Colombia will quadruple LPG imports in 2022 to meet demand as state-controlled Ecopetrol prepares to divert its supply for use as diluent and gasoline feedstock, Colombian LPG association Agremgas says.

Colombia is expected to import an average of 20,658 tonnes/month in first half 2022, rising to 20,730t/month in the second half, compared with 5,000-6,000t/month in 2021.

Colombia historically imported about 3pc of the LPG it consumes. Starting next year, imports will account for around 31pc of total LPG consumption of 66,000t-67,448t/month, Agremgas figures show.

Colombia was expected to import 9,100 t/month in July-December 2021, but infrastructure delays and Covid-19-related issues delayed Ecopetrol's plans to start diverting LPG until January from an initial August deadline, Agremas director Felipe Gomez told Argus.

Ecopetrol's Apiay field will stop supplying about 1,000t/month to the domestic market in January. And the 250,000 b/d Barrancabermeja refinery will gradually reduce LPG supply from 9,660t/month in second quarter 2021 to 6,230t/month in first quarter 2023. Supply will fall to around 500t/month in 2025, Agremgas figures showed.

By 2024, import infrastructure will be insufficient, Alejandro Martinez, director of the Colombia's LPG association Gasnova, said today at the group's international LPG summit.

The G5 consortium of LPG distributors -- Almagas, Chilco, Inversiones del Nordeste, Montagas and Vidagas -- is doubling import capacity at its Cartagena terminal Okianus to 16,000t/month for use by year-end. With the upgrade, the country's total LPG import capacity will increase to 24,000t/month.
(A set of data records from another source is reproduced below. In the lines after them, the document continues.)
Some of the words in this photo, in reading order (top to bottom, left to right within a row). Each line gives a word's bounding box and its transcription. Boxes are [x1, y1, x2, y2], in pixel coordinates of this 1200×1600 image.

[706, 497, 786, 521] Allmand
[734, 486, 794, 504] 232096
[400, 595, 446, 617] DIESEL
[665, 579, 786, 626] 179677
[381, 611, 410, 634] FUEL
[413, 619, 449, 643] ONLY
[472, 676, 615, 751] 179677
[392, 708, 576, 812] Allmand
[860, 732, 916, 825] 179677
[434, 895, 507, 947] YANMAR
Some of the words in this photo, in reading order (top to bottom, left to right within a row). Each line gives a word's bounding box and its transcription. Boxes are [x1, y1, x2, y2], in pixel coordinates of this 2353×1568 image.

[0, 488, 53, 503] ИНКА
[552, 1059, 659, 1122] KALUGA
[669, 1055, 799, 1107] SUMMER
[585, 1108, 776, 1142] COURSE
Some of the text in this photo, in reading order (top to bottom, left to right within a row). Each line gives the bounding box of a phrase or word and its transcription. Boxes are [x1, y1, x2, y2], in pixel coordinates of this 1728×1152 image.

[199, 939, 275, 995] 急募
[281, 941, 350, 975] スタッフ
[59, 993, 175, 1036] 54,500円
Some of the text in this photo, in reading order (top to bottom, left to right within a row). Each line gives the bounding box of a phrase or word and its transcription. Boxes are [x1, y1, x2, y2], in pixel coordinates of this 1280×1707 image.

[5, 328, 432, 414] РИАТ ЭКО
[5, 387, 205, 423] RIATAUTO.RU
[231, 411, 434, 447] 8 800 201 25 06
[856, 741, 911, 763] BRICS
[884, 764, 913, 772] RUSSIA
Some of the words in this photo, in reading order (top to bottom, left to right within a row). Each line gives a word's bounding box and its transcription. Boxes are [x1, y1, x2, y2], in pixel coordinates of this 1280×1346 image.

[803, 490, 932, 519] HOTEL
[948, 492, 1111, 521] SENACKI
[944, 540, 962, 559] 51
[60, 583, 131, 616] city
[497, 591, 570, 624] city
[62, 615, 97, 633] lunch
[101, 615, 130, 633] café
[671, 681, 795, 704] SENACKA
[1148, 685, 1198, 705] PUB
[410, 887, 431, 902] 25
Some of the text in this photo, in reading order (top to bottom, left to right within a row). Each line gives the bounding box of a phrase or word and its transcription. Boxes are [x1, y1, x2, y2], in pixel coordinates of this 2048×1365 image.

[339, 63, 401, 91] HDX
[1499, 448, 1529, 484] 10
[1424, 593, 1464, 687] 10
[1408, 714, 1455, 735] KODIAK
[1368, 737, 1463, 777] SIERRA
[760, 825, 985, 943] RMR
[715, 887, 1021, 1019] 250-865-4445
Okianus is expected to import around 6,000t/month during second half 2022, gradually rising to 6,400t/month in late 2024, Agremgas says.

Colombia can also import LPG at Plexaport, in Mamonal near Cartagena, which has an effective storage capacity of 8,000t/month. Plexaport is seen handling 15,000t/month in imports in second half 2022.

Martinez urged the government to provide incentives to boost LPG production from sources other than Ecopetrol to facilitate long-term contracts and planning.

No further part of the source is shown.